### How to complete this task
The records below are to be restated word for word, with every picture left out.

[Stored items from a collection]
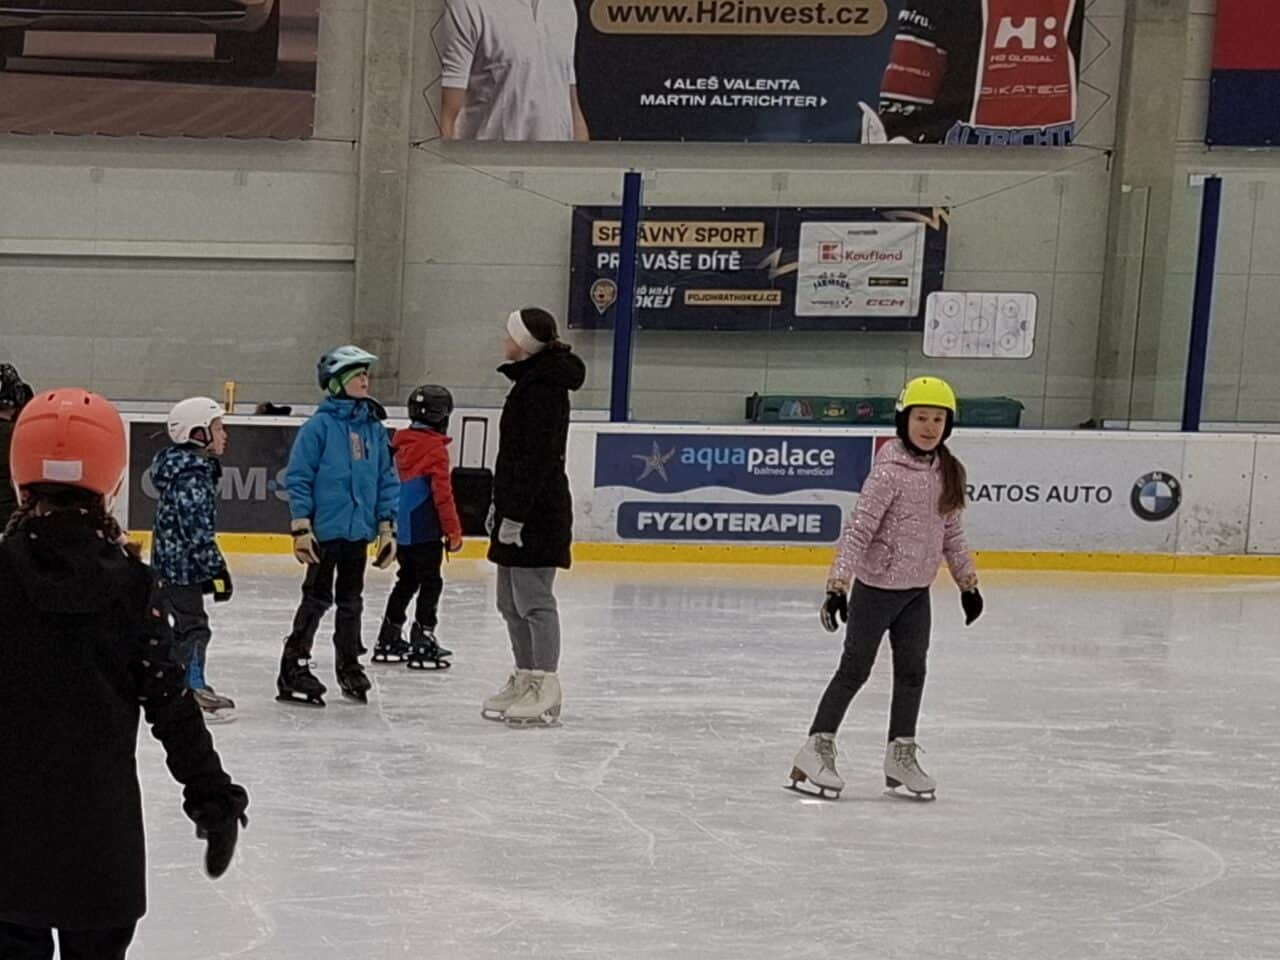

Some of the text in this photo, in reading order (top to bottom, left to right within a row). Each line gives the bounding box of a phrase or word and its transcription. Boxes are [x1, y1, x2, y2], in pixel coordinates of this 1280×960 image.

[608, 0, 869, 25] www.H2invest.cz
[673, 76, 800, 91] ALEŠ VALENTA
[640, 94, 817, 107] MARTIN ALTRICHTER
[598, 224, 758, 243] SPÁVNÝ SPORT
[642, 249, 692, 270] VAŠE
[698, 250, 741, 270] DÍTĚ
[681, 441, 836, 472] aquapalace
[754, 466, 785, 476] balneo
[797, 466, 834, 476] medical
[1046, 485, 1112, 504] AUTO
[637, 512, 822, 533] FYZIOTERAPIE

### Written answer
Some of the text in this photo, in reading order (top to bottom, left to right within a row). Each line gives the bounding box of a phrase or word and its transcription. Boxes are [x1, y1, x2, y2], in pixel coordinates of this 1280×960 image.

[608, 0, 869, 25] www.H2invest.cz
[673, 76, 800, 91] ALEŠ VALENTA
[640, 94, 817, 107] MARTIN ALTRICHTER
[598, 224, 758, 243] SPÁVNÝ SPORT
[642, 249, 692, 270] VAŠE
[698, 250, 741, 270] DÍTĚ
[681, 441, 836, 472] aquapalace
[754, 466, 785, 476] balneo
[797, 466, 834, 476] medical
[1046, 485, 1112, 504] AUTO
[637, 512, 822, 533] FYZIOTERAPIE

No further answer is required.